Pictures aside, repeat the listing below exactly.
╭─ Material supplied
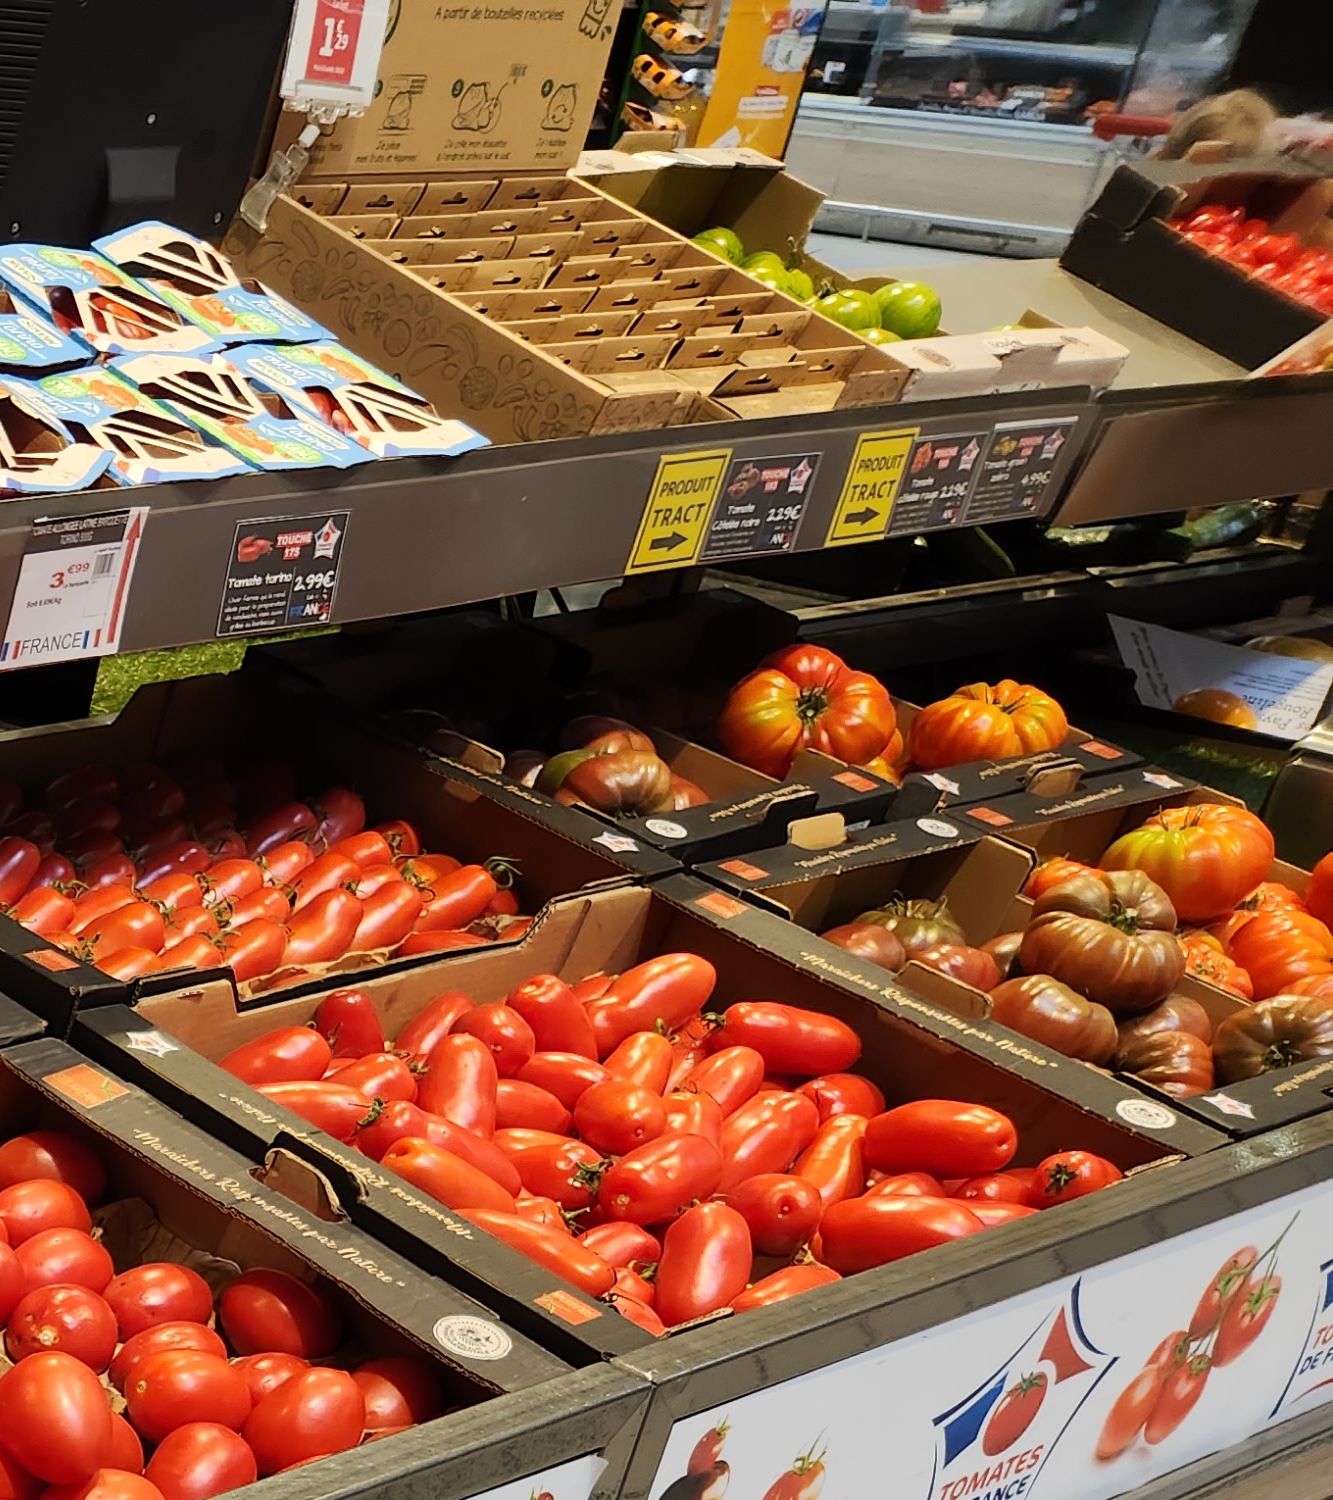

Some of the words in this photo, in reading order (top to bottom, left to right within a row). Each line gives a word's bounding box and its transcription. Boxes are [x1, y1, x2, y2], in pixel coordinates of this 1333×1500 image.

[445, 8, 470, 26] partir
[472, 8, 482, 20] de
[484, 6, 523, 20] bouteilles
[319, 17, 335, 57] 1
[334, 33, 349, 50] 29
[856, 454, 905, 473] PRODUIT
[659, 476, 715, 498] PRODUIT
[849, 479, 896, 502] TRACT
[652, 503, 706, 528] TRACT
[727, 503, 756, 516] Tomate
[740, 517, 761, 528] noire
[277, 533, 313, 545] TOUCHE
[49, 572, 65, 589] 3
[67, 563, 90, 574] €99
[228, 575, 263, 588] Tomate
[265, 572, 292, 584] torino
[294, 570, 335, 591] 2.99€
[20, 632, 82, 656] FRANCE
[302, 1226, 338, 1249] par
[1299, 1354, 1320, 1375] DE
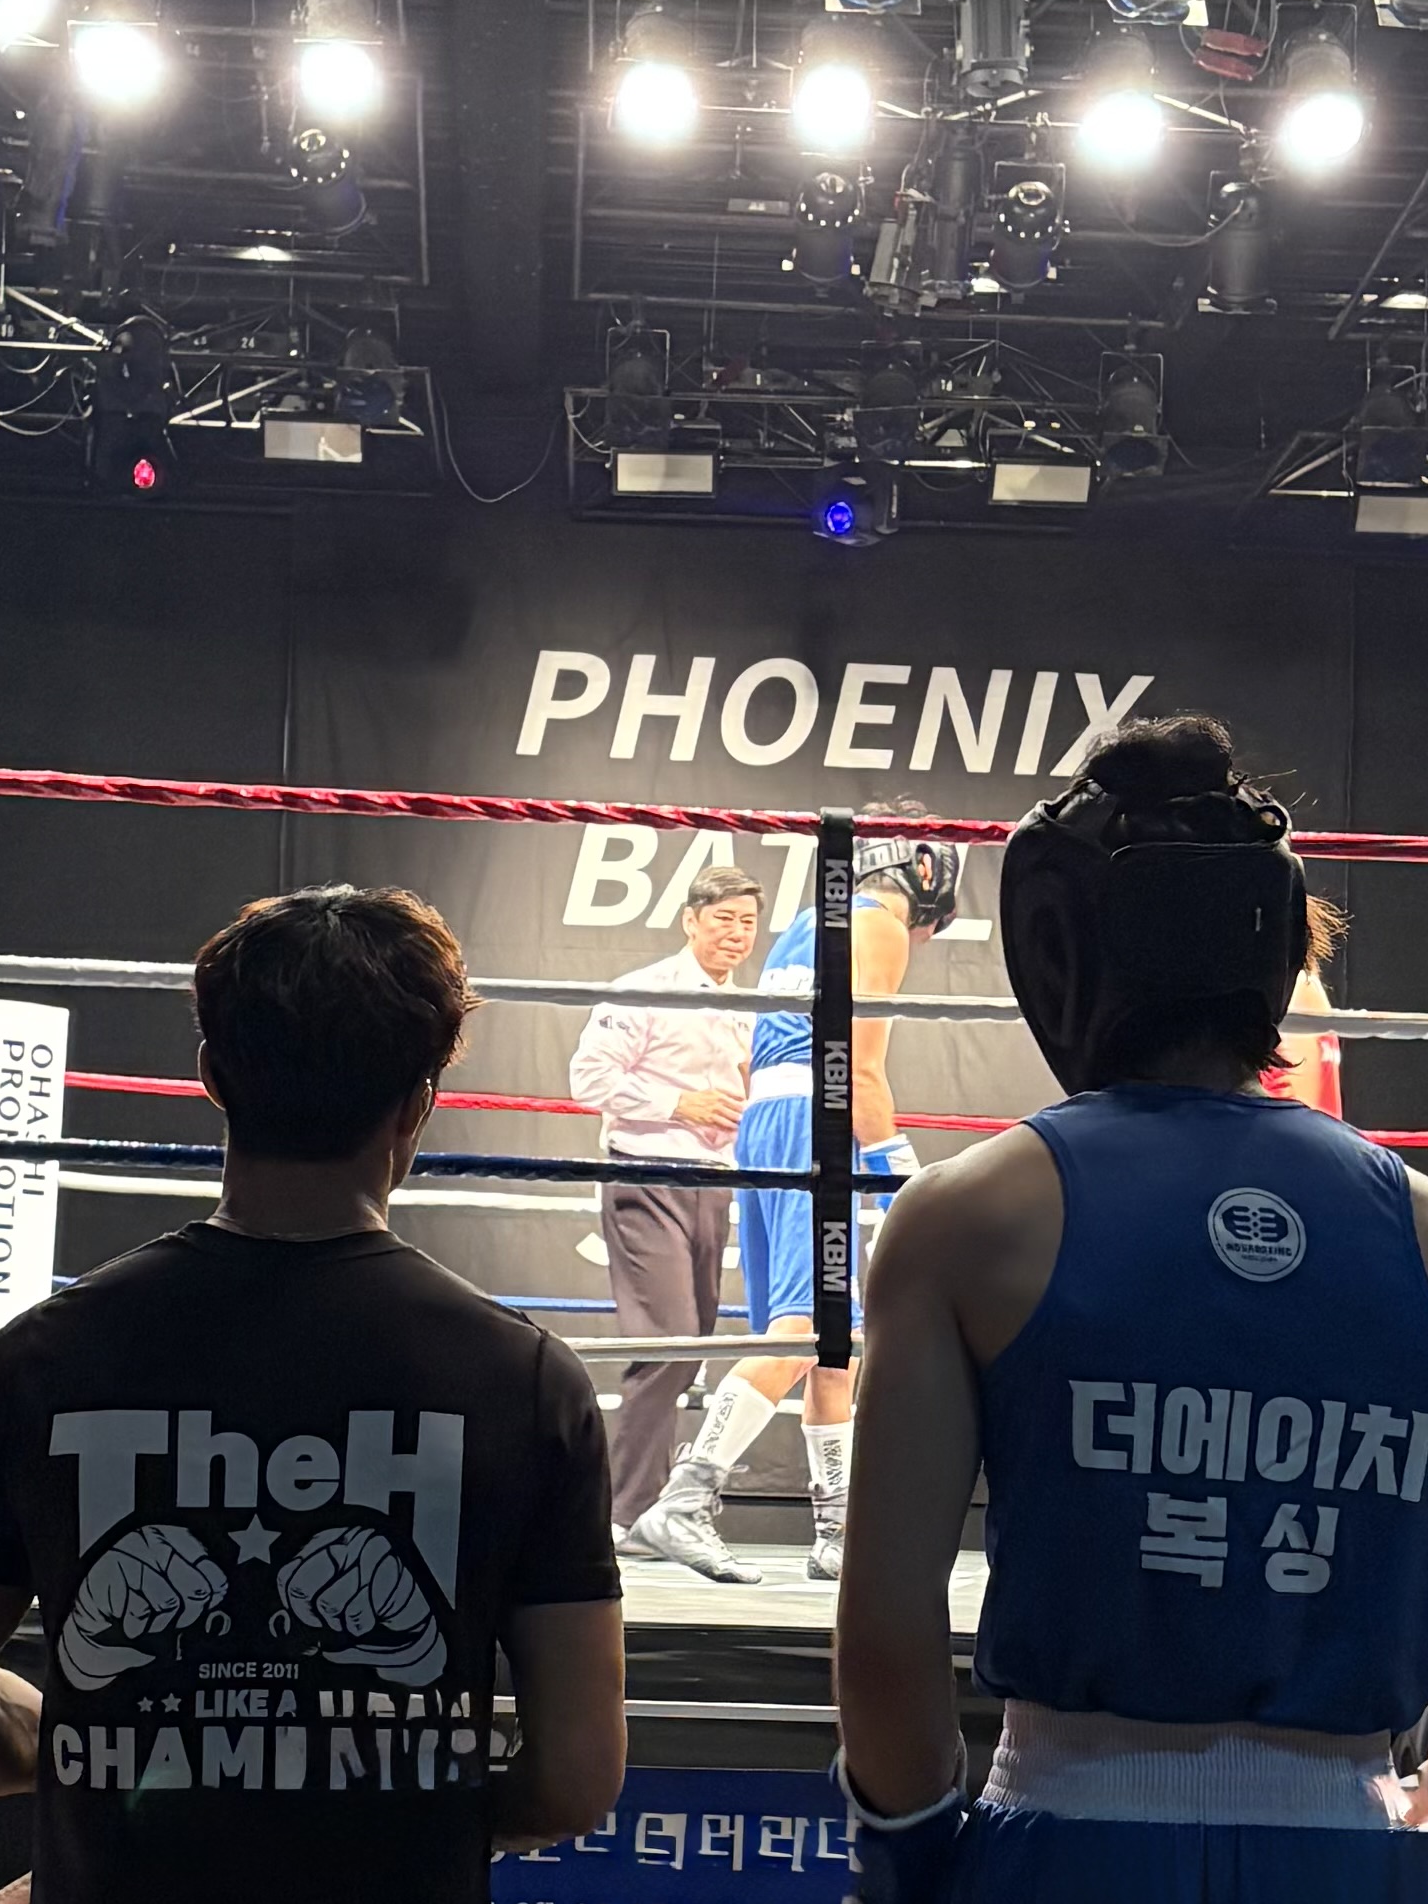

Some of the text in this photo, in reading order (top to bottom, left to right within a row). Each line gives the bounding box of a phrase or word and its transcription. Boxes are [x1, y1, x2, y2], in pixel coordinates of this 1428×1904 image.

[515, 649, 1156, 777] PHOENIX
[824, 859, 849, 929] KBM
[824, 1040, 849, 1110] KBM
[22, 1044, 54, 1196] OHAHI
[822, 1220, 847, 1293] KBM
[48, 1409, 465, 1611] TheH
[1139, 1491, 1340, 1594] 복싱
[195, 1690, 269, 1718] LIKE
[276, 1690, 297, 1718] A
[198, 1662, 300, 1680] SINCE 2011
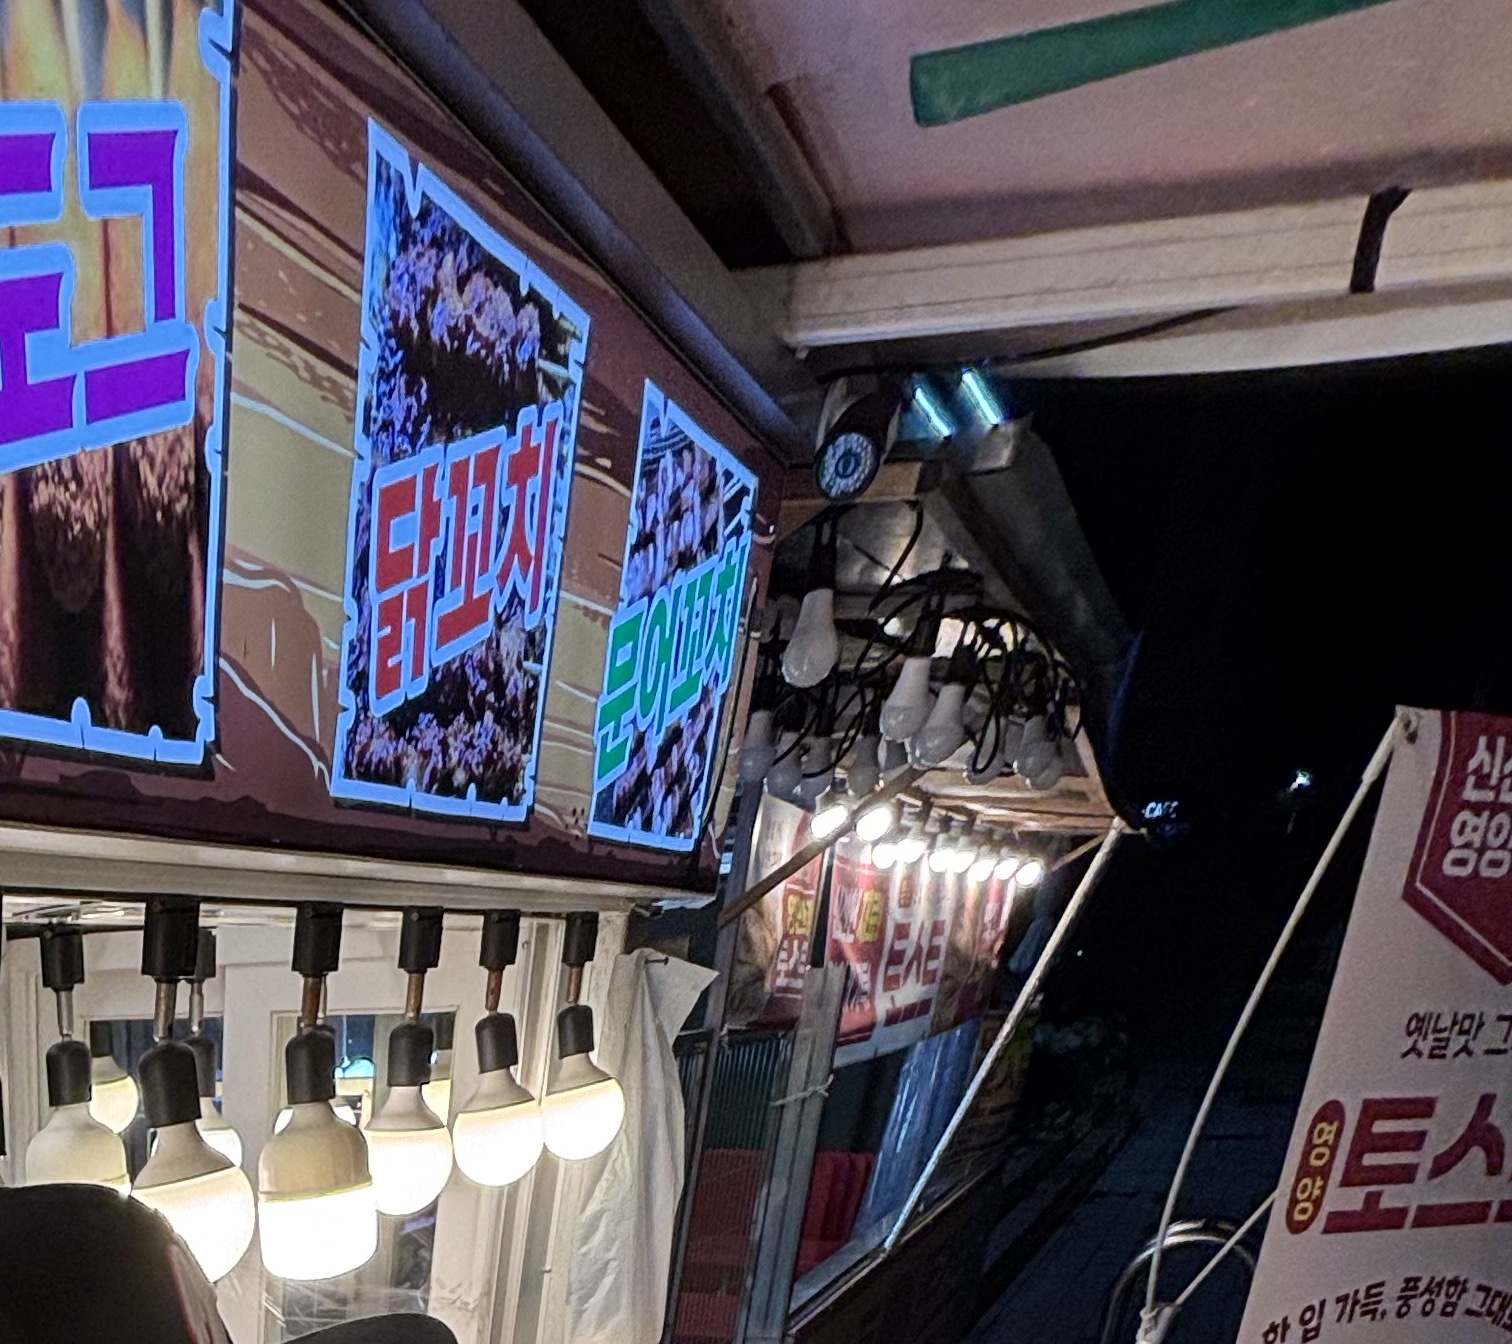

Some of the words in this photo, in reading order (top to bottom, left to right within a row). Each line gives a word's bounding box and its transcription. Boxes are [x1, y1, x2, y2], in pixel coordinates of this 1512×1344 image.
╰─
■ Written solution:
Some of the words in this photo, in reading order (top to bottom, left to right within a row). Each line gives a word's bounding box and its transcription. Boxes are [x1, y1, x2, y2], in pixel coordinates of this 1333×1500 image.

[445, 8, 470, 26] partir
[472, 8, 482, 20] de
[484, 6, 523, 20] bouteilles
[319, 17, 335, 57] 1
[334, 33, 349, 50] 29
[856, 454, 905, 473] PRODUIT
[659, 476, 715, 498] PRODUIT
[849, 479, 896, 502] TRACT
[652, 503, 706, 528] TRACT
[727, 503, 756, 516] Tomate
[740, 517, 761, 528] noire
[277, 533, 313, 545] TOUCHE
[49, 572, 65, 589] 3
[67, 563, 90, 574] €99
[228, 575, 263, 588] Tomate
[265, 572, 292, 584] torino
[294, 570, 335, 591] 2.99€
[20, 632, 82, 656] FRANCE
[302, 1226, 338, 1249] par
[1299, 1354, 1320, 1375] DE

Some of the text in this photo, in reading order (top to bottom, left to right within a row). Each line gives the bounding box of a phrase or word and its transcription. Boxes are [x1, y1, x2, y2], in pixel coordinates of this 1428×1904 image.

[515, 649, 1156, 777] PHOENIX
[824, 859, 849, 929] KBM
[824, 1040, 849, 1110] KBM
[22, 1044, 54, 1196] OHAHI
[822, 1220, 847, 1293] KBM
[48, 1409, 465, 1611] TheH
[1139, 1491, 1340, 1594] 복싱
[195, 1690, 269, 1718] LIKE
[276, 1690, 297, 1718] A
[198, 1662, 300, 1680] SINCE 2011

Some of the words in this photo, in reading order (top to bottom, left to right within a row). Each line gives a word's bounding box and its transcription. Boxes are [x1, y1, x2, y2], in pixel coordinates of this 1512×1344 image.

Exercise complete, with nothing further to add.